一九一四年制造。法国的老式手枪,就算把手放在背后都能装得起来。

修理过程中,岛野忽然察觉到一丝微妙的不对劲。

虽然经过了巧妙的伪装,可是枪的故障属于人为原因。是故意弄成无法使用的状态的。那么——

“(这把枪)约翰费了很大劲才搞到的。”

玛丽是这样说的。

也就是说,约翰故意把弄出了故障的手枪提供给抵抗组织。为什么?

为了寻找理由,岛野故意把修好的枪递给了约翰。

有一种现象很不可思议,那就是手里有枪的人一定会想要用枪。反过来说,也就是其行动模式会变得单调。对岛野而言,递枪的举动限制了约翰的行动可能性。

除此之外,第一发他装进了空弹。

也就是说,在把修好了可以用——至少是让别人这么以为了——的手枪递过去的时候,约翰接下去的行动就基本可以预测了。

然后只要等着约翰自己现出原形就好。

怎么处置暴露出叛徒身份的约翰,这应该是身为抵抗运动领导人的阿兰的拿手戏吧。可是——

“目前,法国国内的抵抗运动只是以学生为中心的偶发行动。没有发现实际上有哪家机构或组织向他们提供武器。”

岛野低声继续进行着“告解”。

九十比八比二。

正如岛野算出的比例所显示的那样,目前阶段在德军占领下的抵抗运动者是压倒性的少数派。在这种状况下,很难维持有组织的行动。只要组织活动停滞不前,再出现像约翰那样的背叛者的可能性也会提高。

就算万一,假设今后法国国内的抵抗运动会蓬勃开展,那也只会出现在一种情况下,即出现了某个可以统率他们的具有绝对权威以及象征意义的存在。国内的维希政府现在完全是德意志的傀儡。在这种时候,想不出还留有什么人物足以统率抵抗运动。

“以可能性而论的话,比如说,对了——”

岛野瞬间停住了话头,他眯起眼睛,秘密据点里凌乱地映入眼帘的东西在脑海中准确地浮现出来。

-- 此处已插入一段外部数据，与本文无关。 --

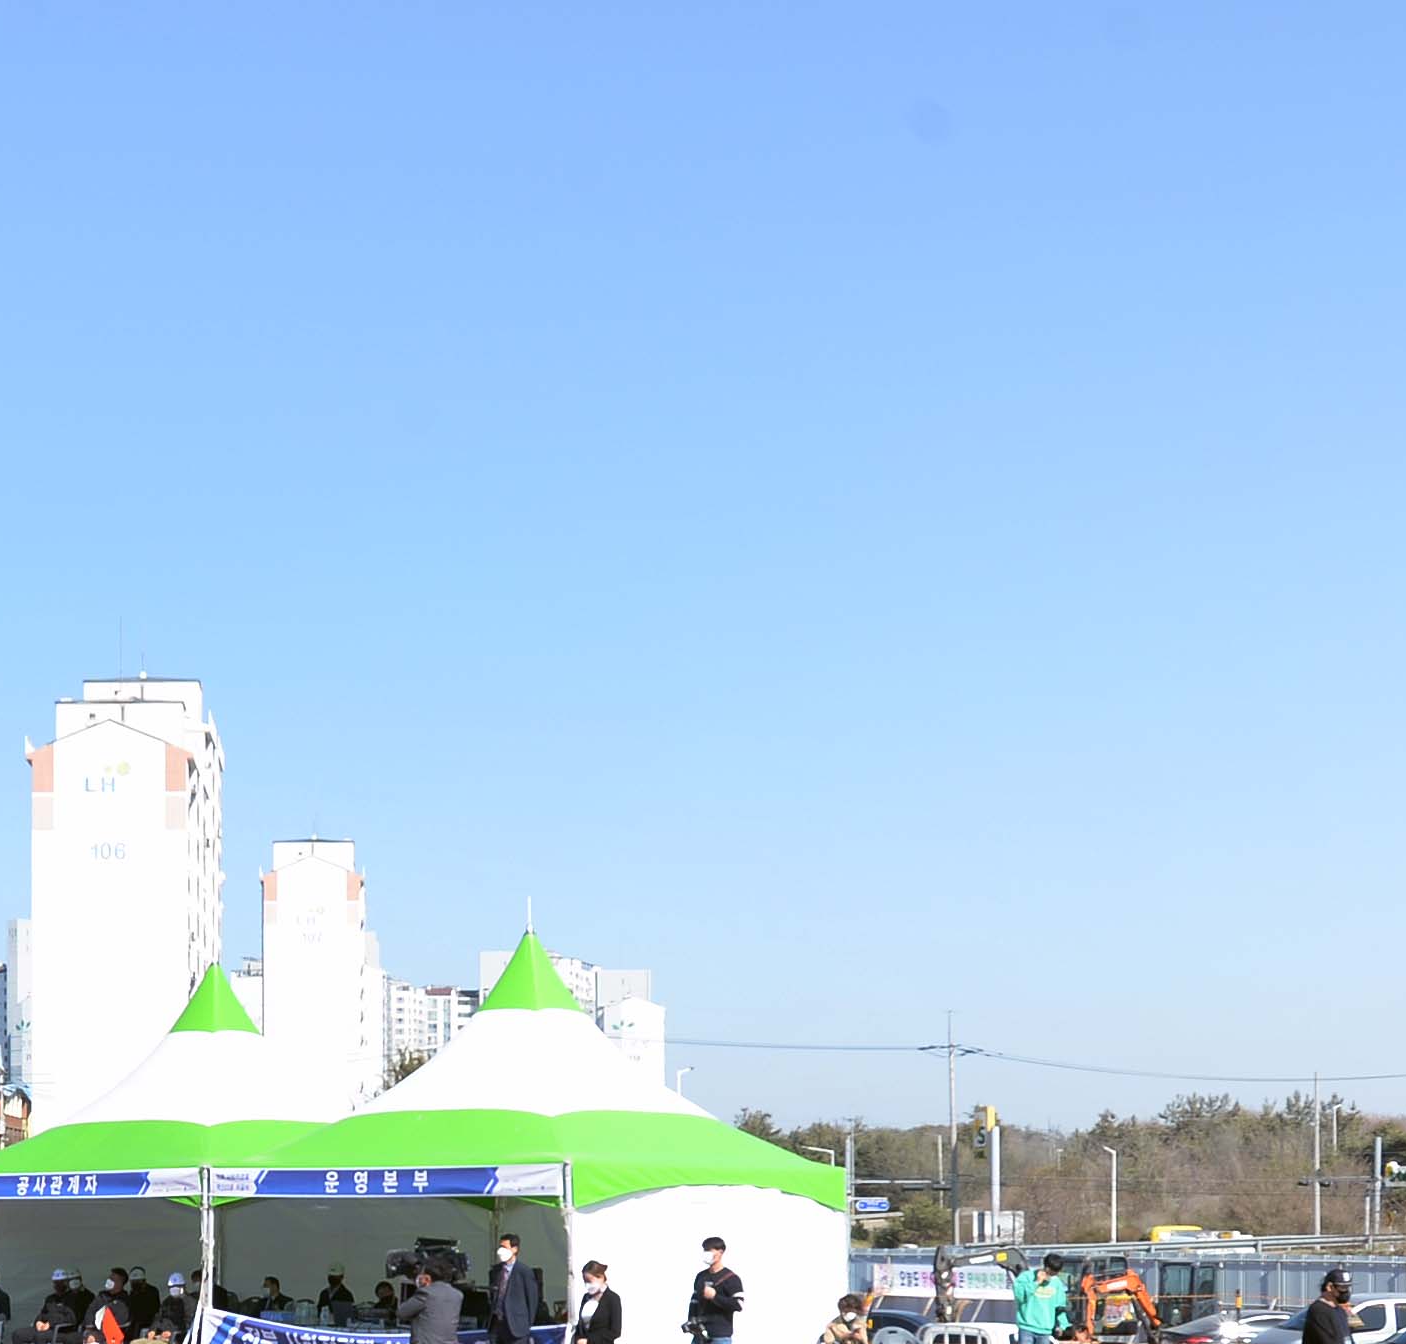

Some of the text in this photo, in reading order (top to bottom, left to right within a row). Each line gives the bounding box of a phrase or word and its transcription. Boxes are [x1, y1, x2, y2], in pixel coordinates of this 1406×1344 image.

[85, 776, 115, 792] LH
[91, 842, 125, 860] 106
[16, 1175, 98, 1196] 공사관계자
[324, 1170, 430, 1193] 운영본부

架子上一台收音机,一套修理工具。靠在墙边立放的两根钓竿。桌上好几只花纹艳丽的火柴盒,英文报纸,皱巴巴的一束包装纸——

花花绿绿的火柴盒是用于制作三色旗的吧。

故意弄皱的包装纸应该是用于通信不会错的。把物品用陈旧的纸张包起来运送的话,就算包在里面的东西被检查,包装纸本身一般不会被查。那些包装纸上,应该会有用隐形墨水写下的受热可见的信息,或者是印上了使用简单随机数表生成的初级密码。邮戳显示那是从海外送来的物品。英语报纸。收音机的调频与BBC的周波数吻合。此外还有——

给予一锤定音的是那两根钓竿[2]。

夏尔·戴高乐,那是在法国政府轻易投降了德国的时候,逃亡到英国去的将军的名字。

野心家。

桀骜不驯。

刚愎自用。

不把人当人看的法西斯。

战前无论在国内国外都是受到极端恶劣评价的家伙,然而,在祖国战败被敌人占领的危急时刻,或许正是他这样具有恶德的大人物才是国家所需要的。

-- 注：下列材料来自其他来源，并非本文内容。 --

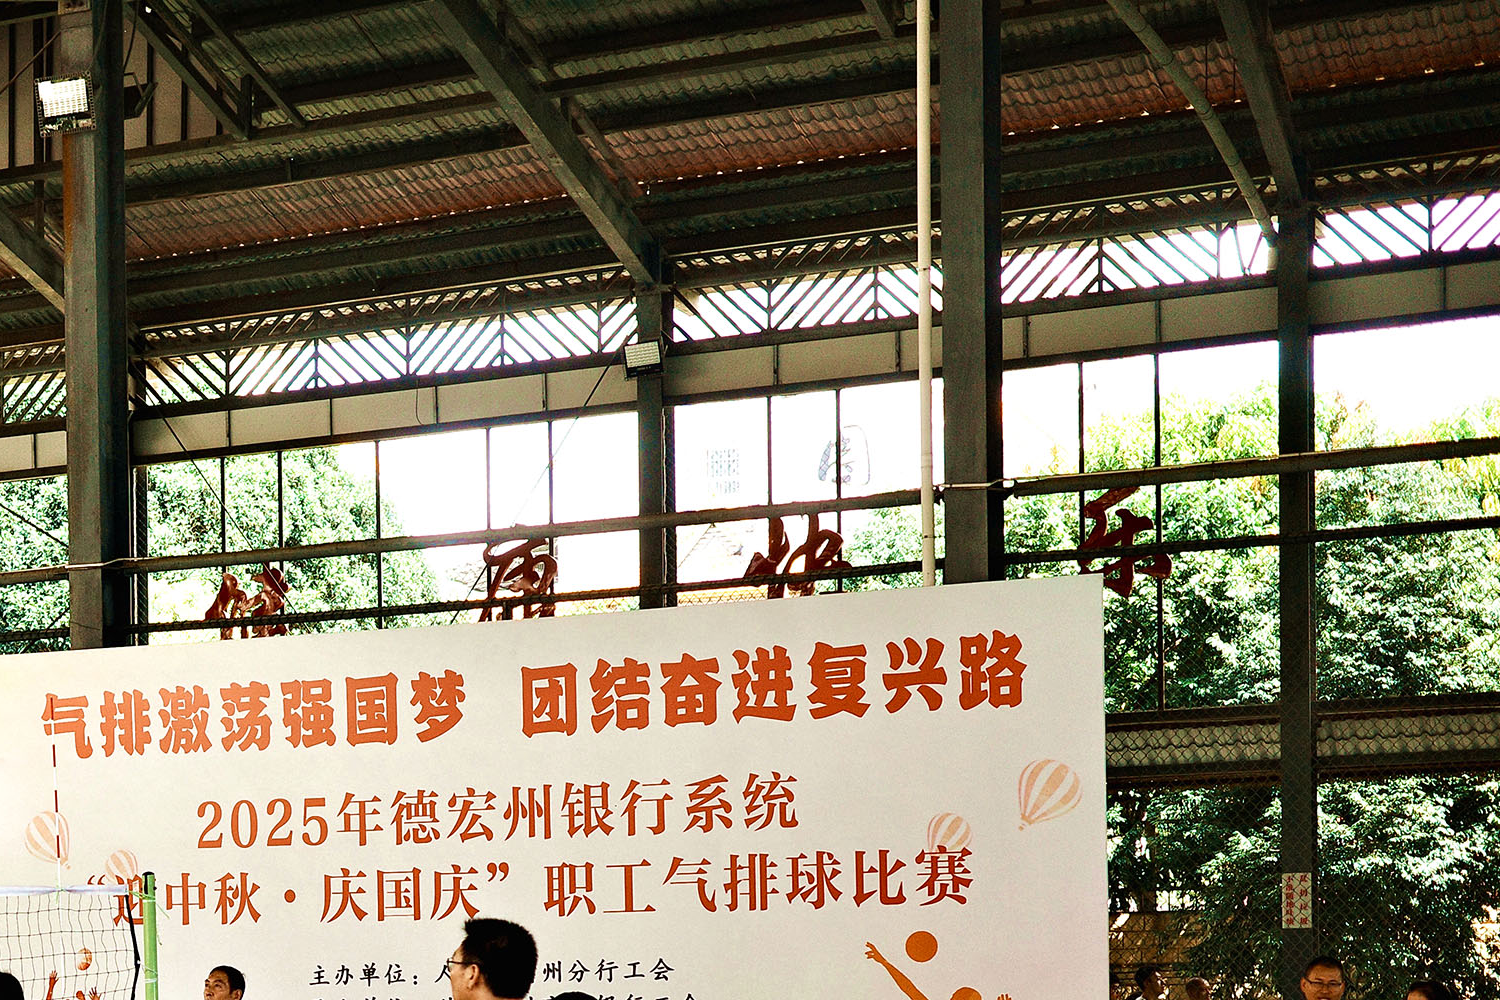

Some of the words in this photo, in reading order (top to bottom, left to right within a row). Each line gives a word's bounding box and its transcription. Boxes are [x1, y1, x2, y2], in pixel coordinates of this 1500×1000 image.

[43, 669, 466, 759] 气排激荡强国梦
[520, 629, 1028, 739] 团结奋进复兴路
[197, 771, 799, 849] 2025年德宏州银行系统

对于岛野所做的抵抗运动分析,结城中校宛如一名真正的听取罪人告解的虔敬修士,以一种不感兴趣的态度聆听着。

“接下去呢,要怎么做?需要再持续一段时间吗?”

岛野完成了一通“告解”,语调悠然地询问。结城中校依然侧着脸,嘴型几乎不动,以低沉冷淡的声音说道:

“暂时回国吧。下一班白山丸是最后的回国船了。”

最后的回国船?

岛野皱起眉。

这其中的意味十分明白。

日本很快就将与法国进入战争状态。

德军在欧洲持续着闪电进击,日本政府对他们的成果心醉神迷,打算与德国结成军事同盟。“可不能赶不上巴士啊!”日本的军人当中,公然地悄声说着这种话。以前就已经听说过这些信息,可是——

怎么可能?

岛野哑然地摇头。

若真是如此,那么这一点正是此次任务中最大的误算。

诚然,在德军的闪电战面前,人称欧洲最强陆军国家的法国旋踵之间就投降了。然而,那主要是因为法军这边犯了错误,他们无视武器与战略的近代化,仅仅预想了堑壕战。反之,在这以后纳粹德国需要与英国争夺制海权和制空权,这些方面看不出他们能够占据确定的优势。

明明前些天才递交上去这样的报告。可是,为什么……

眯起眼睛的岛野,终于明白了结城中校为何要特意亲自现身。

报告被无视了。

或者在陆军内部被束之高阁?

与岛野上交的情报中理所当然的结论正相反,日本政府决定与德意志结成军事同盟。对于这一事实,结城中校是怎么想的?就算他没有戴着拉得很低遮住了面孔的风帽,岛野也是完全想象不出来的。

明白的事情倒是也有一件。

那就是,“日本留学生 岛野亮佑”的假面已经不能用了。

在最后一班回国船出发以后,还有留学生滞留也是很不自然的。作为稀有的存在,其一举手一投足都会成为被关注的对象,这么一来,间谍任务什么的就不可能再执行了。

任务结束。

结城中校的出现,是为了向岛野告知这件事情。

忽然间,脑海中浮现出了阿兰总是温和微笑的茶褐色眼眸,同时还意识到了自己略感遗憾的心情。在记忆丢失的那段时间,岛野作为他们的伙伴一起行动。对方正式邀请他,“成为我们的同志吧”,这让他陷入困惑。此刻想到了这件事,心中一阵愉悦……

低沉的声音让他回过神来。

——留下来也行哦。

不由得苦笑起来。

不可能是自己把想法写在了脸上。只是忘记了,结城中校只要凭着对方目光的一点细微闪动就能准确判读出对方的想法。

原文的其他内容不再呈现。